Economia

Ex Bertone, si avvicina il referendum: la Fiat convoca i lavoratori

Sono in corso incontri tra la Fiat e gruppi di operai. L'azienda sta spiegando che l'investimento si farà solo con un largo consenso. Landini (Fiom): "Siamo di fronte a un doppio ricatto"

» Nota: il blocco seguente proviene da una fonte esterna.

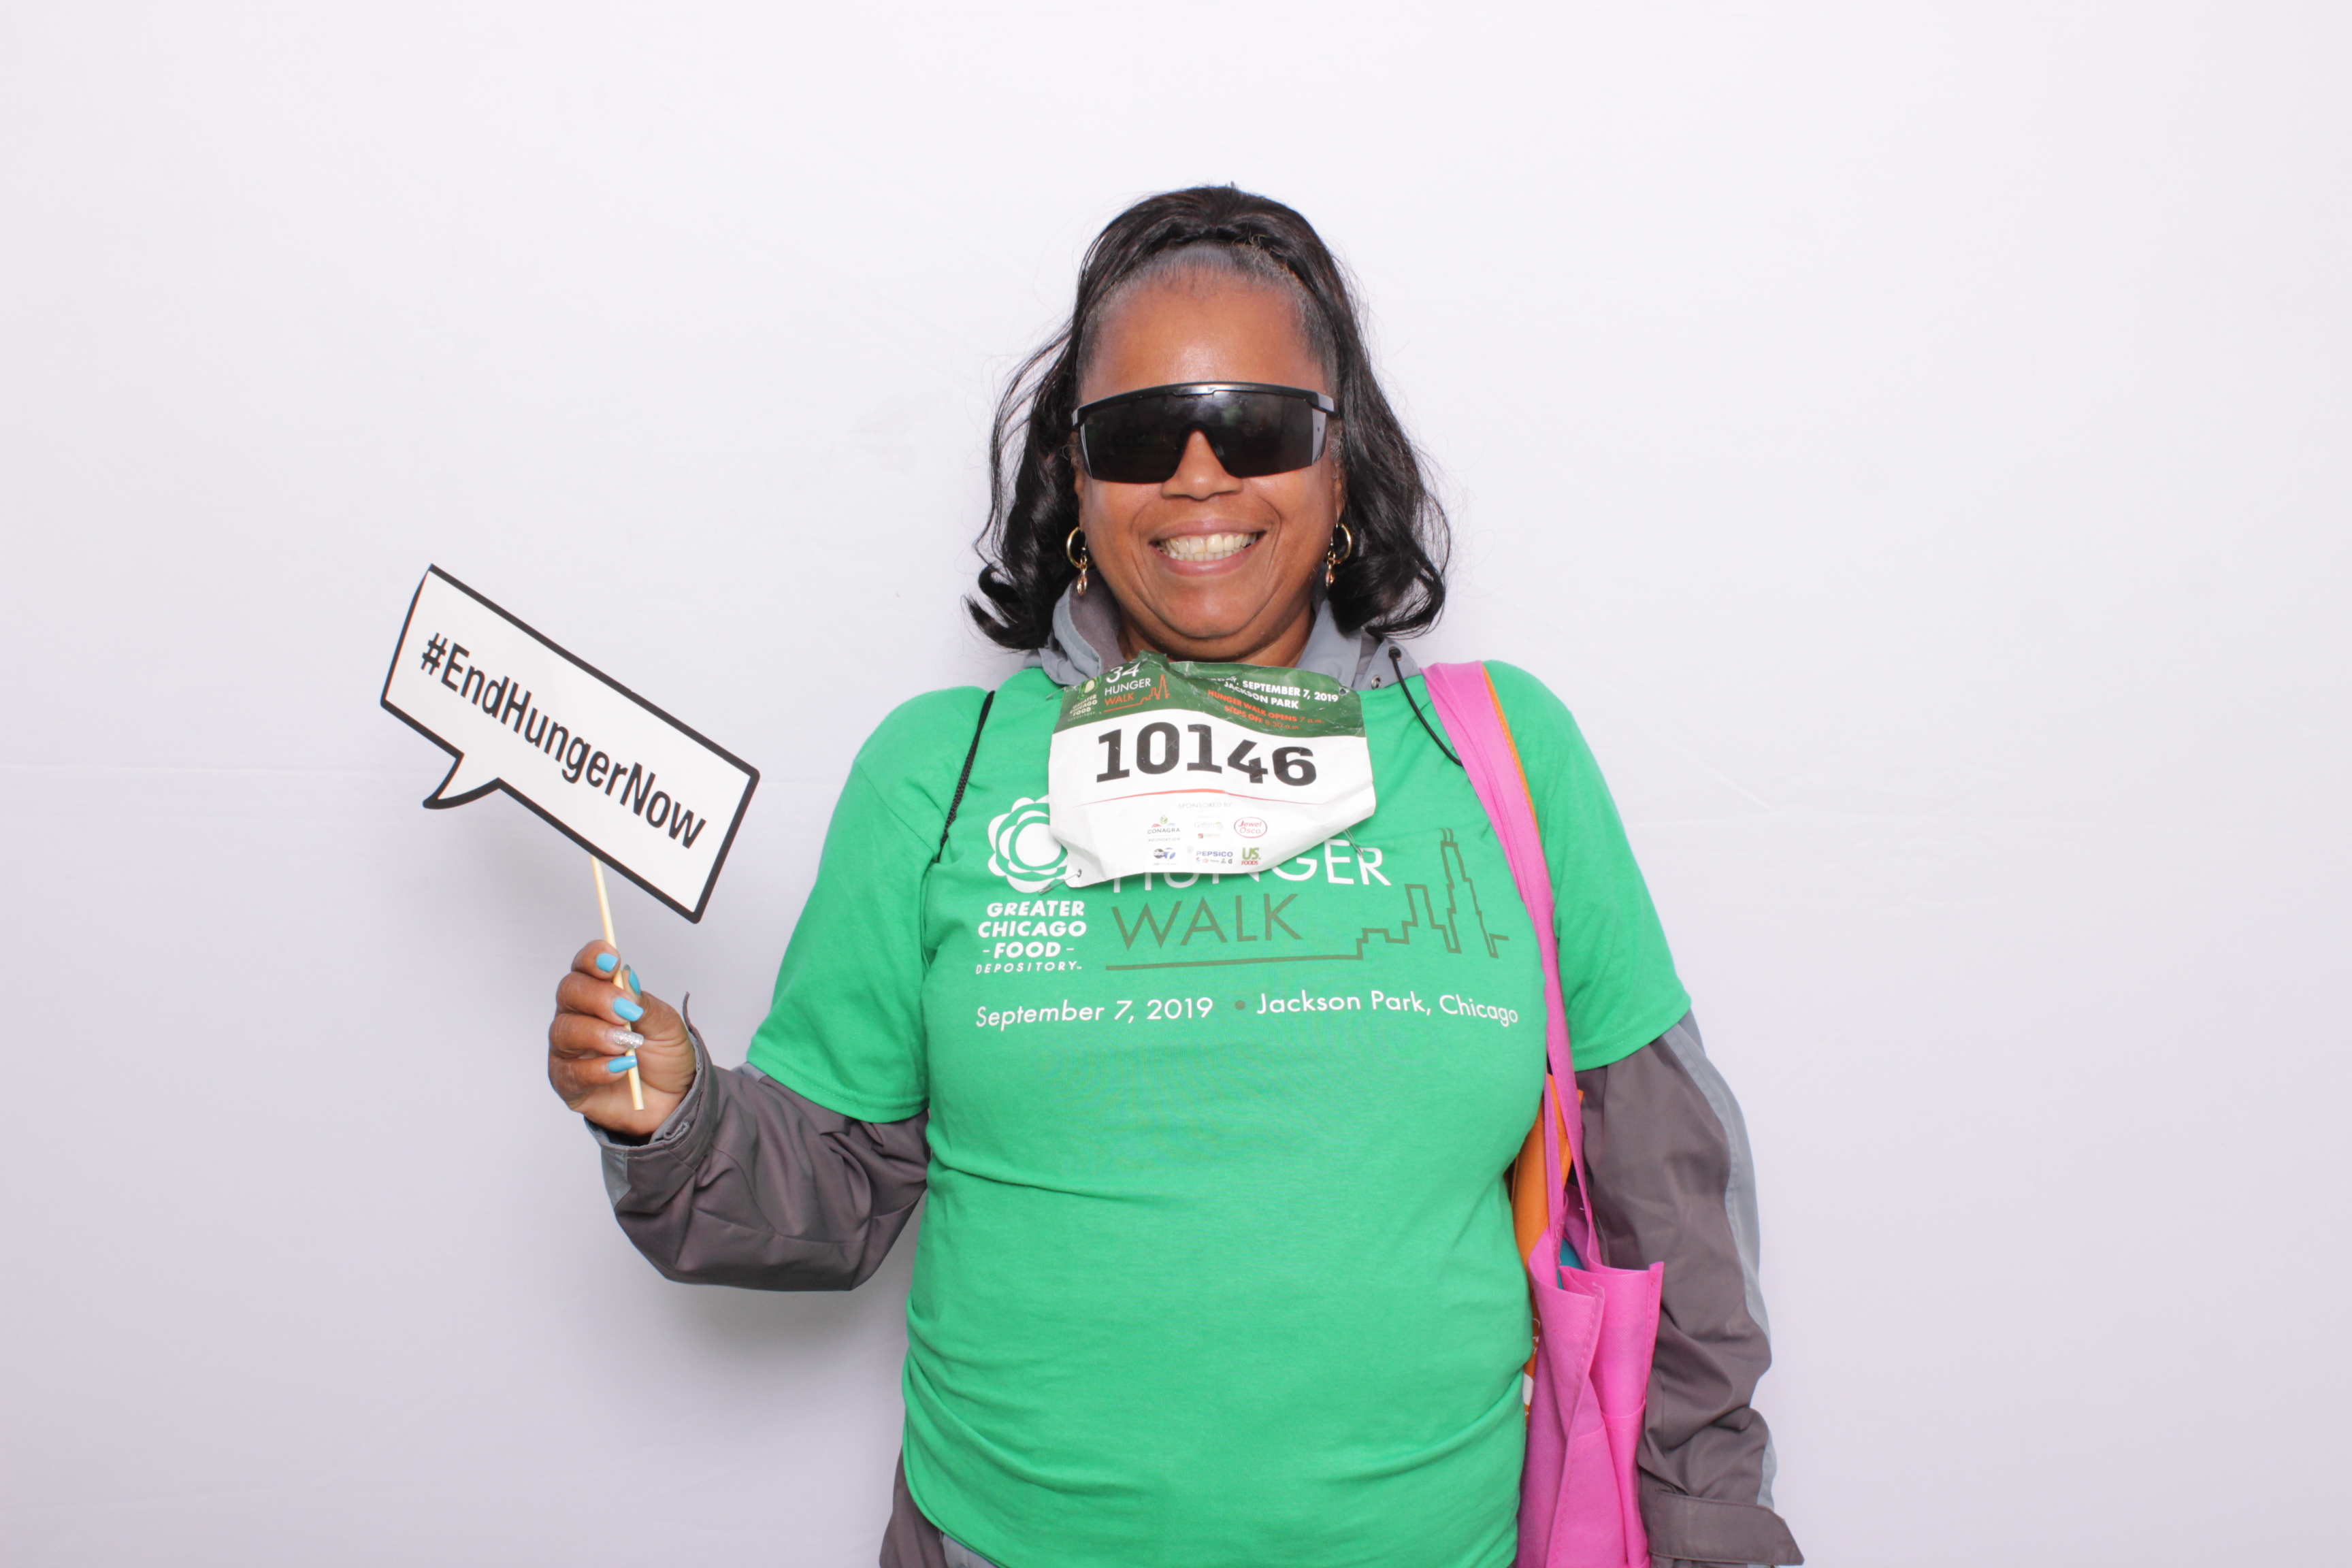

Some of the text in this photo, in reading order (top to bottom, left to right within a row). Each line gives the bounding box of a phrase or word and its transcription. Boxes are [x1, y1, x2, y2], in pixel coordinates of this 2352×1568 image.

[1106, 662, 1141, 683] 34
[1105, 678, 1152, 696] HUNGER
[1224, 681, 1299, 709] JACKSON PARK
[1242, 680, 1301, 697] SEPTEMBER
[1303, 689, 1311, 700] 7,
[1313, 691, 1339, 702] 2019
[1104, 692, 1135, 706] WALK
[1207, 689, 1243, 706] HUNGER
[1243, 702, 1267, 716] WALK
[1268, 713, 1298, 722] OPENS
[1224, 705, 1247, 718] STEPS
[1248, 713, 1263, 723] OFF
[421, 632, 706, 849] #EndHungerNow
[1096, 721, 1317, 786] 10146
[987, 900, 1085, 917] GREATER
[978, 921, 1087, 938] CHICAGO
[1111, 894, 1303, 951] WALK
[976, 990, 1518, 1032] September 7, 2019 Jackson Park, Chicago

Continuano le riunioni con i lavoratori ex Bertone convocate dalla Fiat a gruppi di venti persone nello stabilimento di Grugliasco (Torino). L'azienda sta spiegando che l'investimento da 500 milioni di euro per produrre la nuova Maserati si farà solo con un largo consenso. Altrimenti, il piano industriale potrebbe saltare. Decideranno i lavoratori, durante la consultazione programmata il 2 e 3 maggio. La Rsu della ex Bertone, a maggioranza Fiom, nel corso dell'assemblea di lunedì renderà nota ai lavoratori l'indicazione di voto che avrà stabilito.

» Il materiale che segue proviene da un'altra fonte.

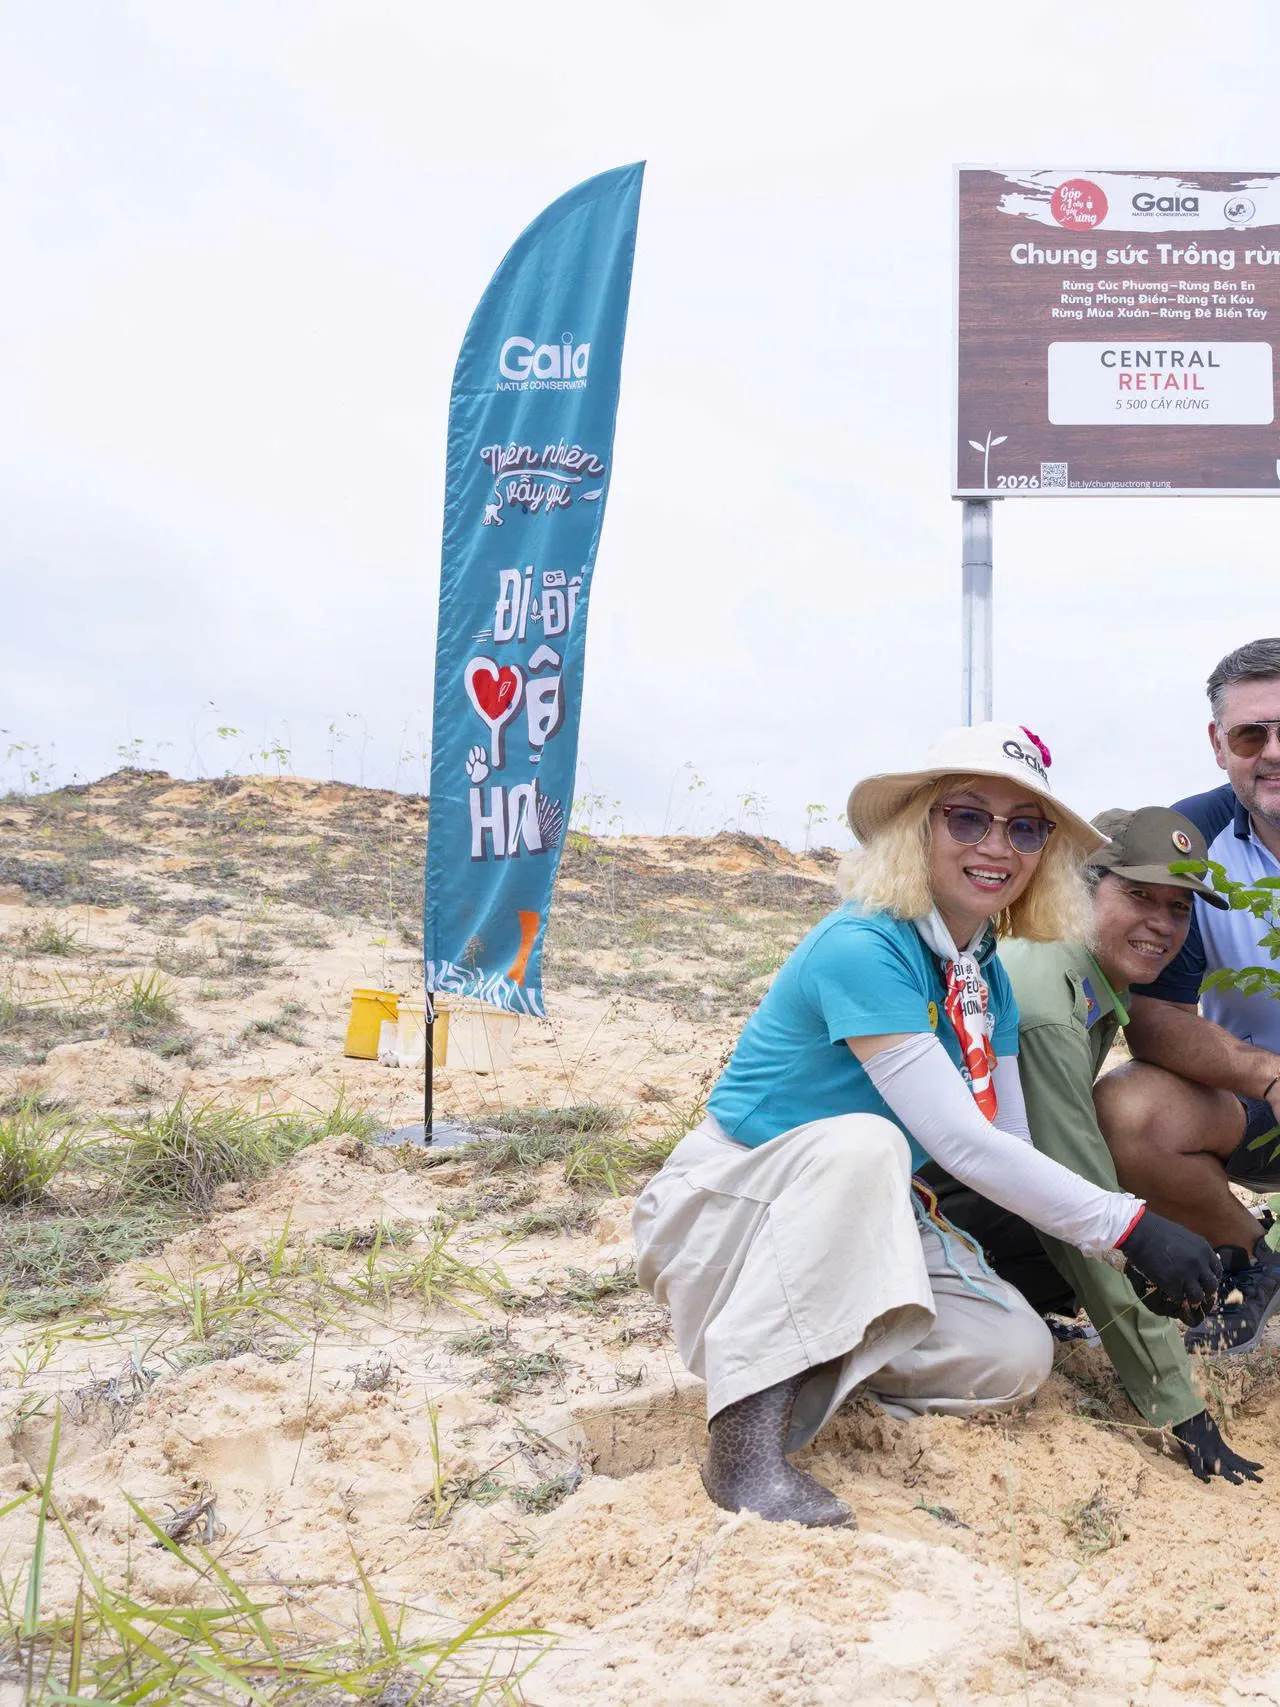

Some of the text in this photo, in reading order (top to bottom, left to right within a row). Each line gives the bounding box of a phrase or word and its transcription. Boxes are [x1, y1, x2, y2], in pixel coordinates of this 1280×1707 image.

[1131, 191, 1199, 213] Gaia
[1010, 243, 1098, 270] Chung
[1106, 245, 1149, 265] sức
[1156, 241, 1236, 271] Trồng
[1062, 280, 1094, 293] Rừng
[1098, 280, 1119, 291] Cúc
[1213, 280, 1237, 291] Bến
[1240, 281, 1256, 291] En
[1060, 294, 1092, 306] Rừng
[1095, 293, 1135, 306] Phong
[1211, 294, 1227, 305] Tà
[1051, 308, 1083, 320] Rừng
[1086, 307, 1114, 318] Mùa
[1194, 308, 1212, 318] Đê
[1215, 306, 1243, 318] Biển
[1245, 308, 1268, 320] Tây
[499, 332, 592, 381] Gaia
[1101, 350, 1221, 368] CENTRAL
[1118, 373, 1205, 390] RETAIL
[1126, 399, 1148, 410] 500
[1150, 396, 1173, 410] CÂY
[1175, 396, 1210, 410] RỪNG
[996, 475, 1040, 489] 2026

Ci sarebbero in futuro novità anche per la turnistica per i circa 1.100 addetti dello stabilimento, fermo ormai da ben 6 anni. Per effettuare queste riunioni con Fiat, i lavoratori sono stati fatti rientrare dalla cassa integrazione per un'ora. "E' curioso - commenta Federico Bellono, segretario generale della Fiom torinese - che dopo Pomigliano e Mirafiori e alla vigilia dell'assemblea di lunedì, sia nuovamente l'azienda a fare campagna elettorale, come se non bastasse la forte pressione che la Fiat sta facendo attraverso i media".

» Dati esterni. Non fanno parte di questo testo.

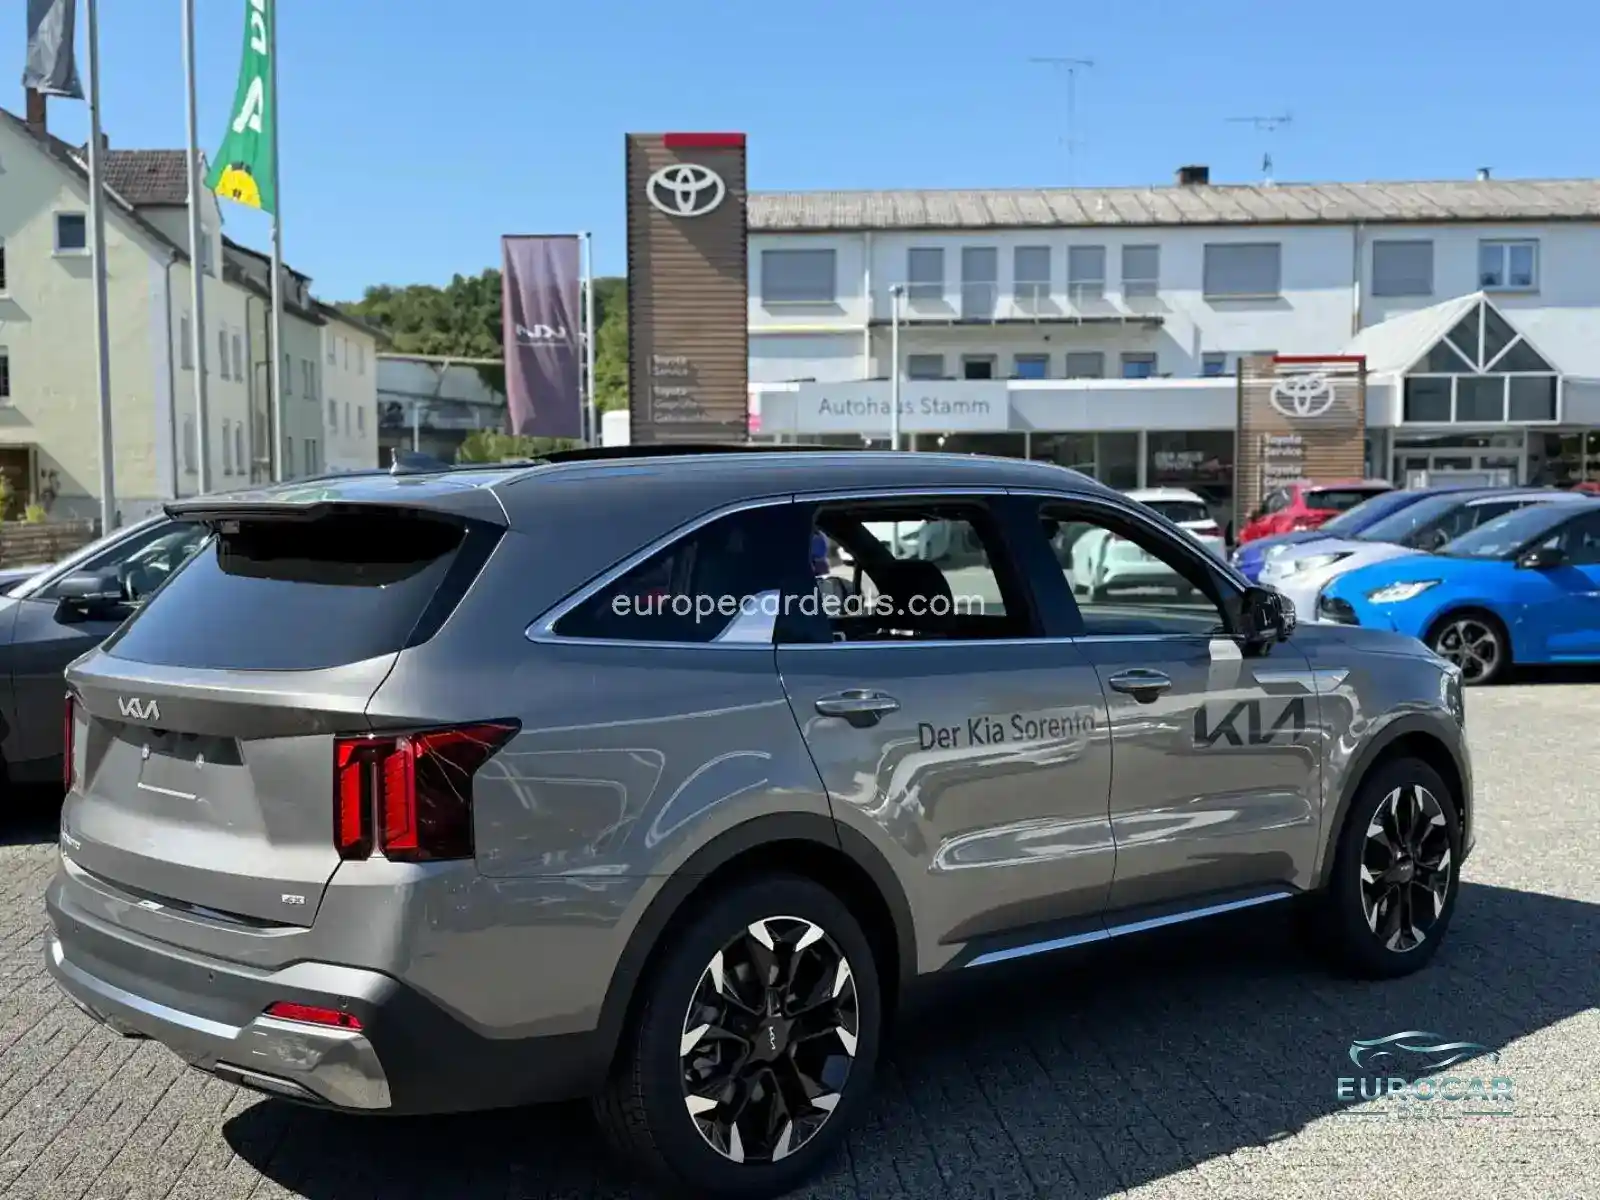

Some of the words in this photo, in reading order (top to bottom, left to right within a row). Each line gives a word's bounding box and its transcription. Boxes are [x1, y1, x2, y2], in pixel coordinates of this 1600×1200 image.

[920, 396, 990, 415] Stamm
[118, 696, 160, 720] KIA
[1194, 696, 1306, 746] KIA
[918, 722, 961, 750] Der
[967, 717, 1005, 746] Kia
[1010, 711, 1095, 741] Sorento

La Fiom non ha modificato di un millimetro le sue posizioni. Alla ex Bertone secondo Maurizio Landini "siamo in presenza di un doppio ricatto nei confronti dei lavoratori perché non siamo di fronte al solito film della Fiat, 'o mi dici di sì o me ne vado', visto che la società è stata rilevata dalla Fiat attraverso un accordo in cui ha pagato solo 13 milioni per uno stalimento che ne vale almeno 70, e che avrebbe dovuto riavviarlo alla produzione con i mille lavoratori attuali. Come Fiom, quando faremo le assemblee lunedì - ha aggiunto Landini - è evidente che non daremo indicazioni di voto su un contratto simile a quello di Pomigliano d'Arco, ma insieme alle Rsu ragioneremo su questo referendum sotto ricatto e che scarica ancora una volta la responsabilità sui lavoratori".

John Elkann spera in un accordo: "Abbiamo seguito un percorso per Pomigliano e Mirafiori. Auspichiamo che lo stesso avvenga con la ex Bertone e che prevalga il senso di responsabilità. La nostra posizione è stata ribadita in modo molto chiaro".